Reproduction without pictures: print every entry precisely as written.

──────── Exercise input ────────

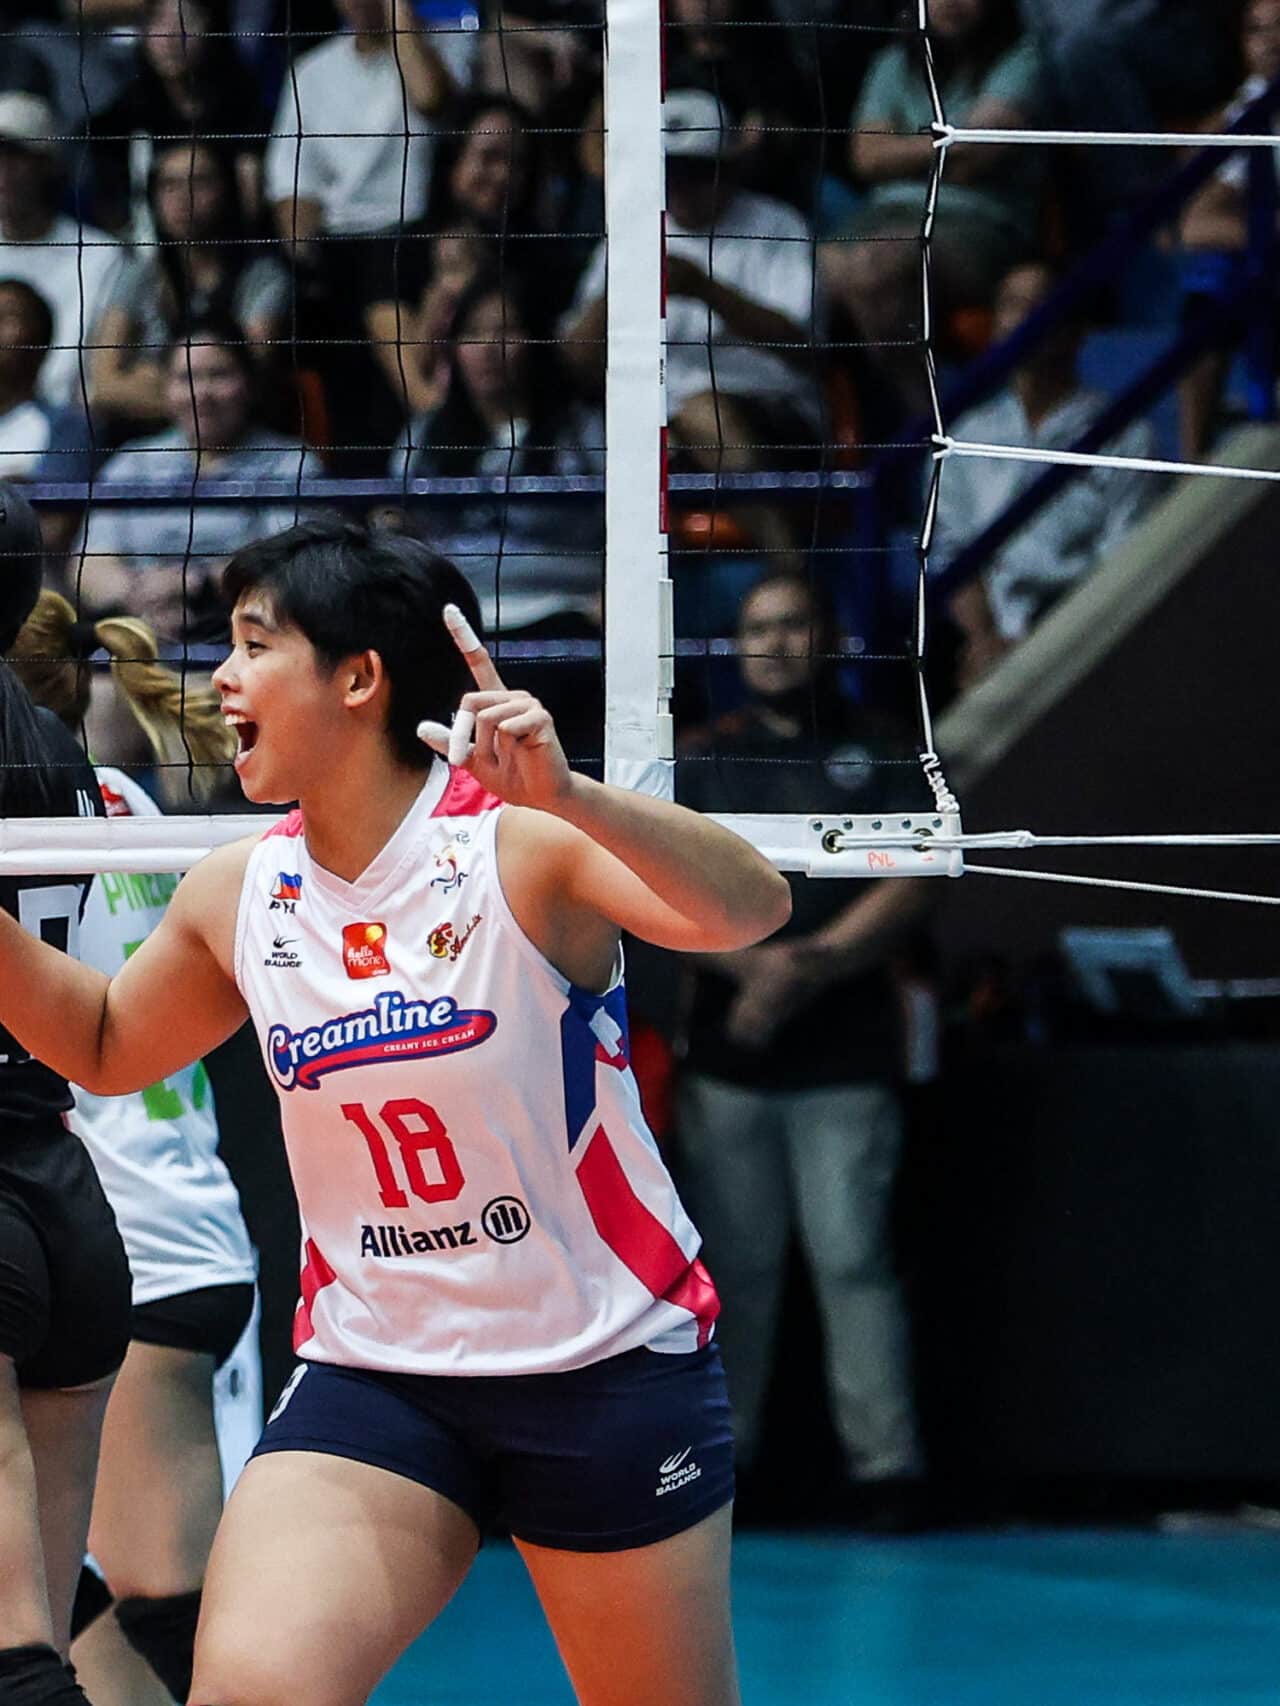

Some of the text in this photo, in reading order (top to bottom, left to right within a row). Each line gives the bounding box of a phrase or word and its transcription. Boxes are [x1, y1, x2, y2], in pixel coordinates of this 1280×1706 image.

[867, 850, 896, 871] PVL
[269, 996, 454, 1087] Creamline
[383, 1029, 476, 1053] CREAMY ICE CREAM
[340, 1097, 466, 1208] 18
[360, 1221, 478, 1258] Allianz
[655, 1466, 703, 1497] BALANCE
[660, 1462, 696, 1486] WORLD

────────

#### Answer to this problem:
Some of the text in this photo, in reading order (top to bottom, left to right within a row). Each line gives the bounding box of a phrase or word and its transcription. Boxes are [x1, y1, x2, y2], in pixel coordinates of this 1280×1706 image.

[867, 850, 896, 871] PVL
[269, 996, 454, 1087] Creamline
[383, 1029, 476, 1053] CREAMY ICE CREAM
[340, 1097, 466, 1208] 18
[360, 1221, 478, 1258] Allianz
[655, 1466, 703, 1497] BALANCE
[660, 1462, 696, 1486] WORLD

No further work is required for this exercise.